Les événements d'Andijan, dont on connaît encore mal la chronologie, illustrent la jonction qui vient d'être établie entre les actions violentes de mouvements islamistes et l'expression populaire d'un mécontentement grandissant face à un système de plus en plus inégalitaire, répressif et corrompu.
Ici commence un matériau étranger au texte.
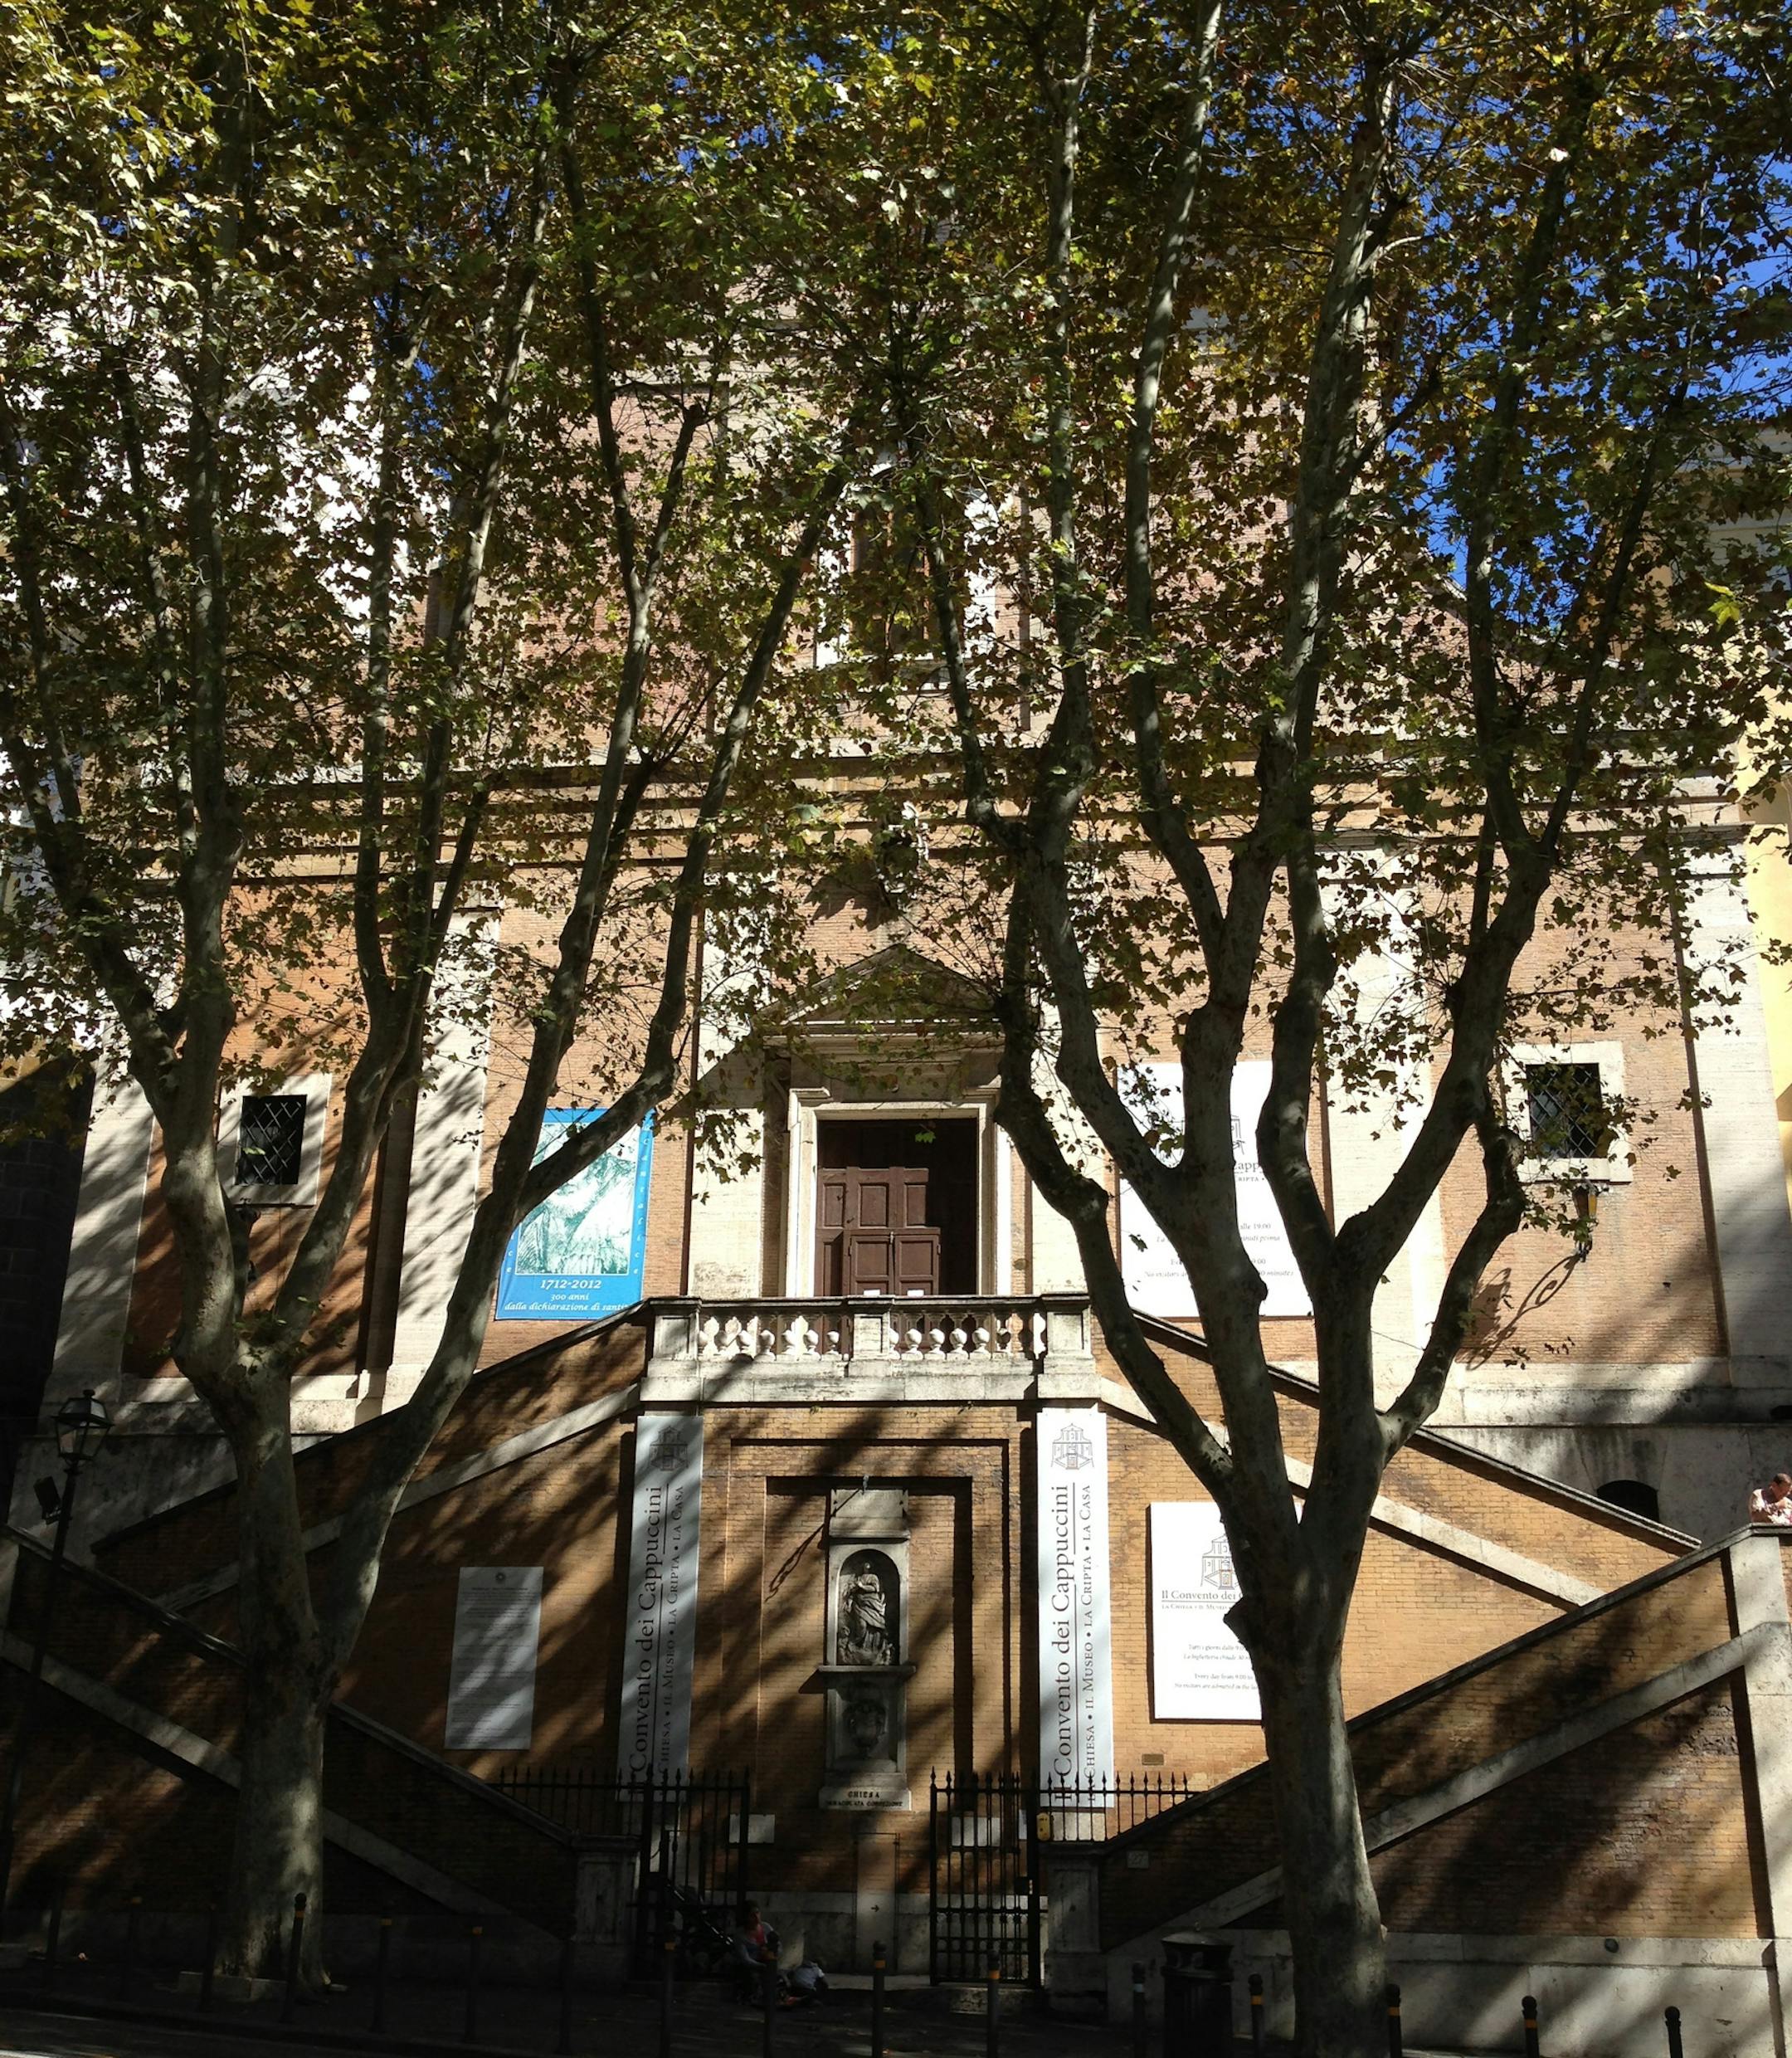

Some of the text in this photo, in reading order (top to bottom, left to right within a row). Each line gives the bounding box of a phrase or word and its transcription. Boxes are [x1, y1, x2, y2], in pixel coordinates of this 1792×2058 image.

[540, 1279, 601, 1290] 1712-2012
[504, 1302, 526, 1310] dalla
[528, 1301, 588, 1311] dichiarazione
[591, 1302, 601, 1311] di
[638, 1486, 663, 1612] Cappuccini
[1051, 1485, 1075, 1612] Cappuccini
[1161, 1589, 1169, 1599] Il
[1171, 1590, 1219, 1600] Convento
[1221, 1590, 1236, 1600] dei
[635, 1619, 655, 1651] dei
[1051, 1620, 1070, 1653] dei
[628, 1659, 652, 1773] Convento
[1053, 1661, 1073, 1777] Convento
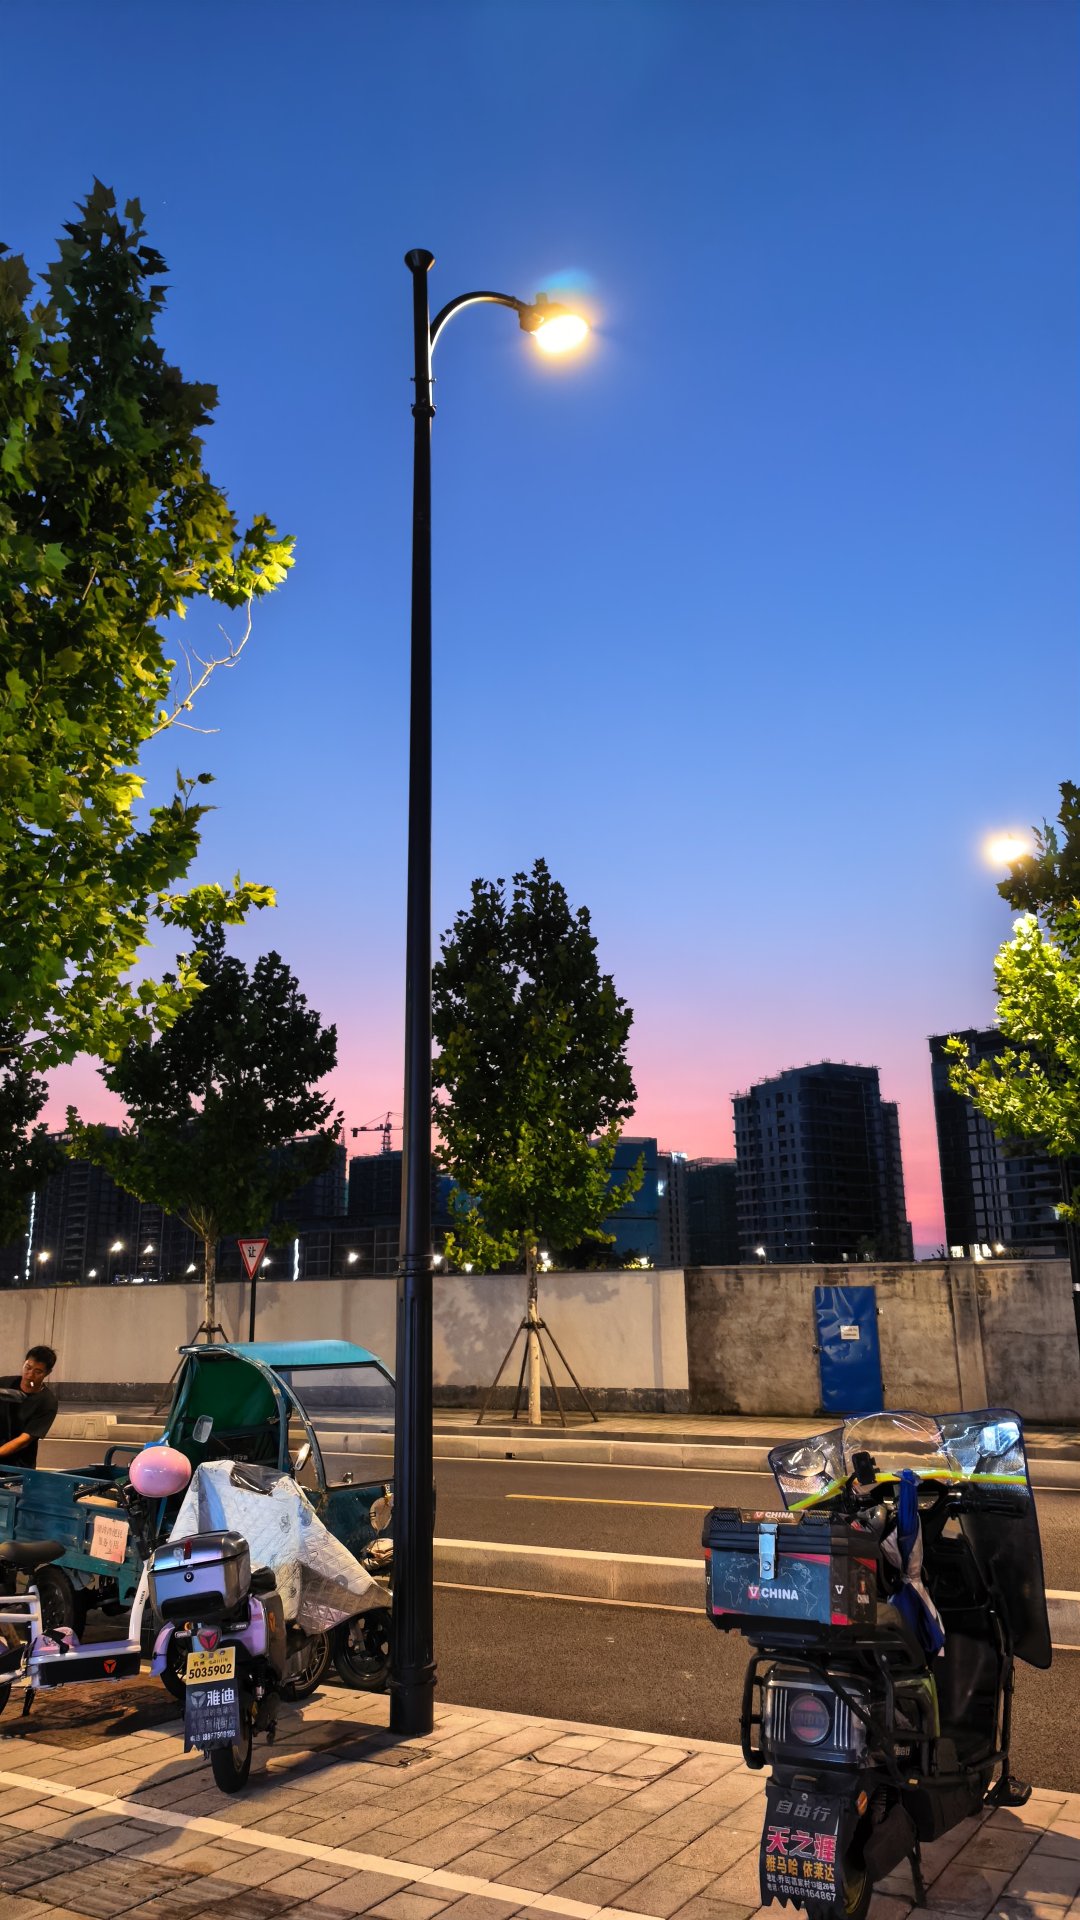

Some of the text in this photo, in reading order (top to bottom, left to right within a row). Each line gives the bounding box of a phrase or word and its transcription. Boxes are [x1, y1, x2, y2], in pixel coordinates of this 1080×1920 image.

[248, 1246, 256, 1258] 让
[761, 1588, 799, 1600] CHINA
[188, 1663, 232, 1679] 5035902
[206, 1688, 235, 1706] 雅迪
[775, 1800, 832, 1822] 自由行
[765, 1825, 838, 1864] 天之涯
[765, 1854, 835, 1882] 雅马哈 依莱达
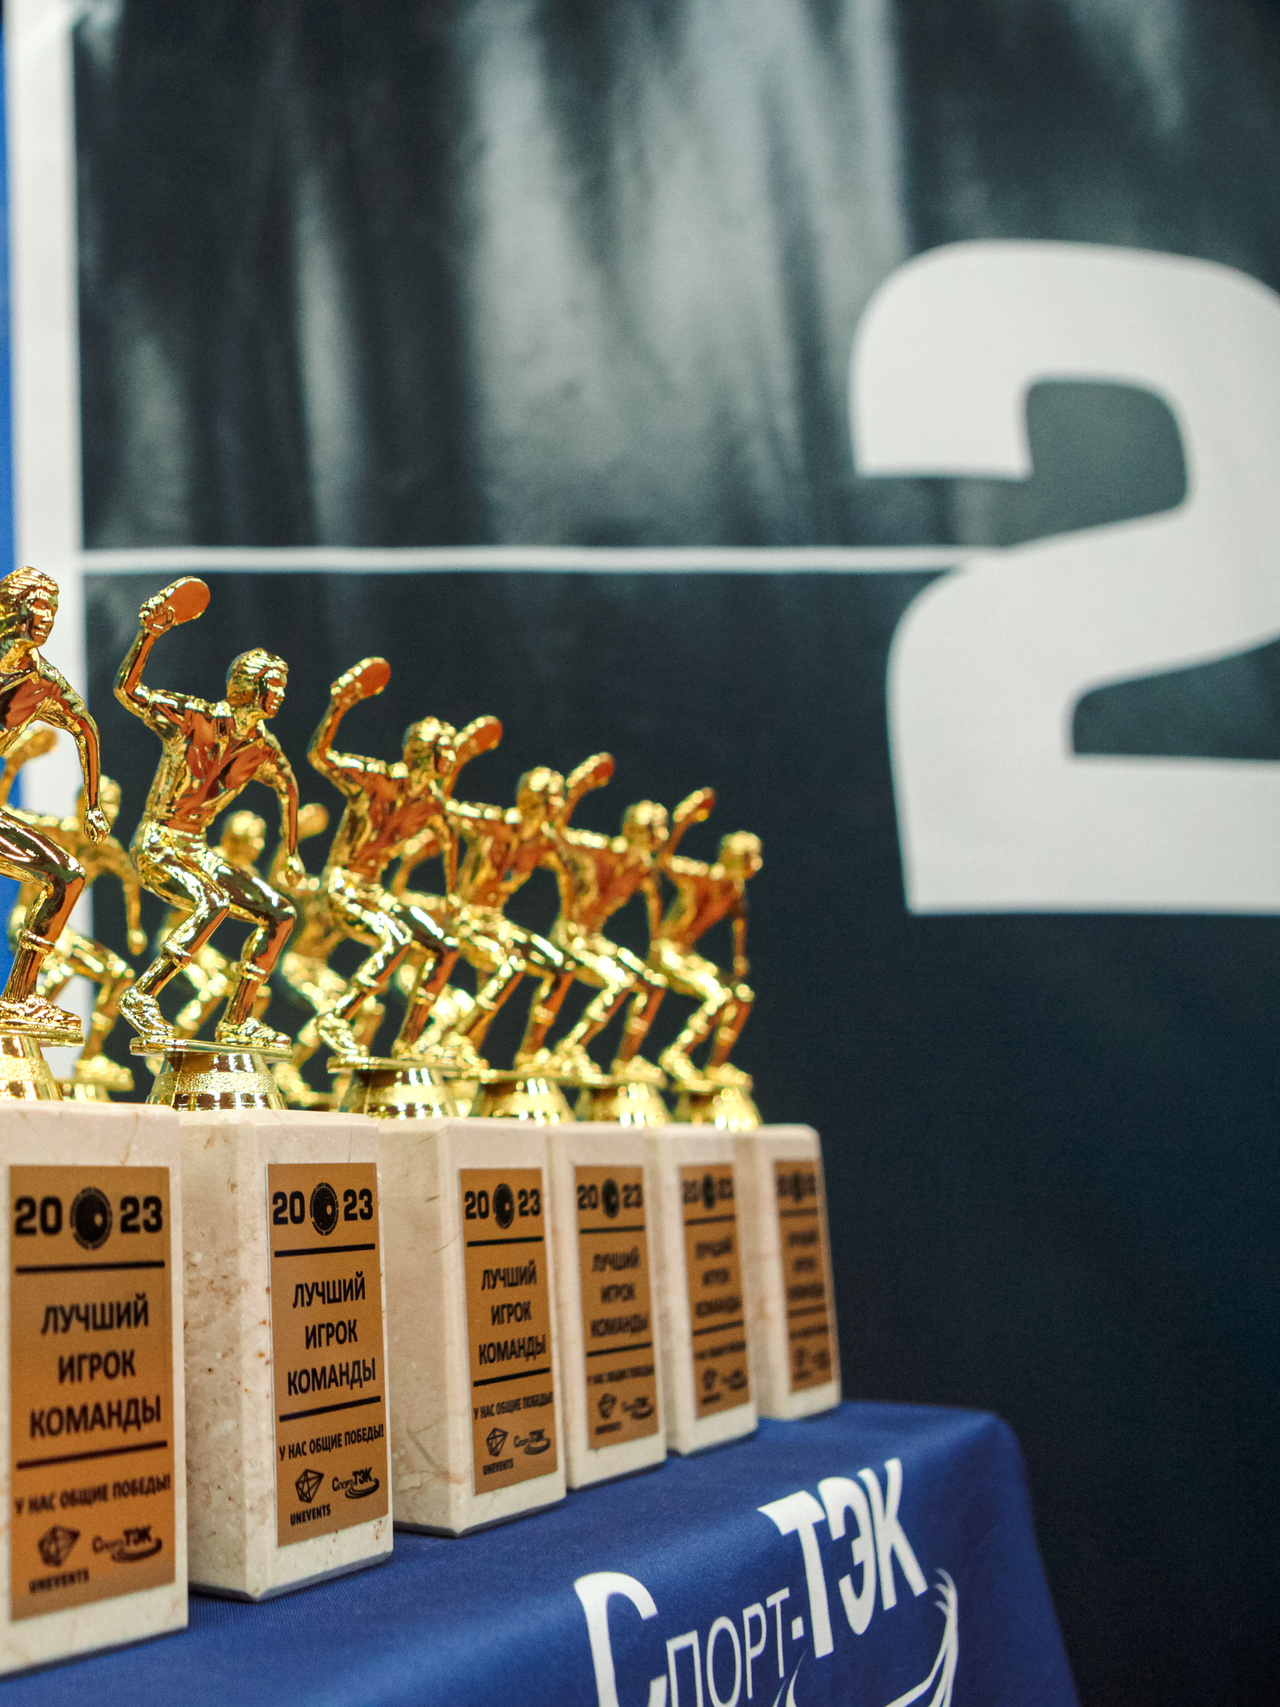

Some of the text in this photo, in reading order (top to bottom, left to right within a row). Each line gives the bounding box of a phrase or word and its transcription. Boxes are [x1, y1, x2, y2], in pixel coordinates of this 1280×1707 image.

Andijan est une ville dans laquelle de nombreux leaders religieux, dès la fin des années 80, ont prôné un islam réformateur. Dans l'impossibilité d'exister en tant qu'opposition politique, certains leaders locaux ont trouvé soutien et accueil auprès des réseaux islamistes transnationaux et ont créé un mouvement militaire, le MIO (Mouvement islamique d'Ouzbékistan). Jumma Namangani et ses hommes se sont battus aux côtés des talibans contre les troupes de l'Alliance du Nord en Afghanistan. En parallèle, un mouvement transnational, le Hizb-ut-Tahrir, a gagné en audience parmi la population, et prône la création d'un califat d'Asie centrale par des moyens non violents. De nombreux petits groupes locaux sont accusés par les autorités de faire partie de cette nébuleuse islamiste.
Pour en revenir à la cause immédiate des récents événements, parmi les milliers de prisonniers politiques accusés d'appartenir à un groupe islamiste, vingt-trois devaient être jugées la semaine dernière à Andijan pour activités religieuses illégales. Les Akromilar, ou partisans d'Akram Youldach, lui-même emprisonné, sont des petits commerçants appartenant à un groupe islamiste qui prône plus de justice sociale et qui milite pour une répartition égalitaire des ressources et un strict respect du Coran. Ce discours alternatif rencontre un certain écho dans des villes comme Andijan, particulièrement touchées par le chômage et les inégalités. Face à un régime corrompu et des notables devenus des nouveaux riches, les Akromilar, issus de l'unique espace économique ayant acquis une certaine autonomie à l'égard du politique dans les années 90, ont investi leurs profits dans des activités caritatives ou d'alphabétisation dans les quartiers. En pratiquant le commerce de la valise dans les pays musulmans du Golfe, ils ont découvert une conception de l'islam qu'ils souhaitent imposer en Asie centrale. Ils entendent incarner un modèle social alternatif et une éthique de vie respectueuse des dogmes du Coran. Les fonctionnaires du régime qui boivent de la vodka et roulent en Mercedes sont stigmatisés par ces nouveaux prêcheurs.
Le soutien populaire d'Andijan aux insurgés de ces derniers jours est ainsi l'expression d'une exaspération généralisée face à un système qui s'éloigne de plus en plus de la réalité quotidienne du pays. Il est plus que temps, si le régime d'Islam Karimov veut enrayer la montée de mouvements radicaux, d'ouvrir une opportunité à la naissance d'un espace public au sein duquel d'autres mouvements, non islamistes cette fois, pourront tenir un discours politique de contestation et de justice sociale et mener peu à peu vers un autre modèle, où les richesses du pays ne serviront pas uniquement à une élite qui vit dans le luxe et l'indifférence.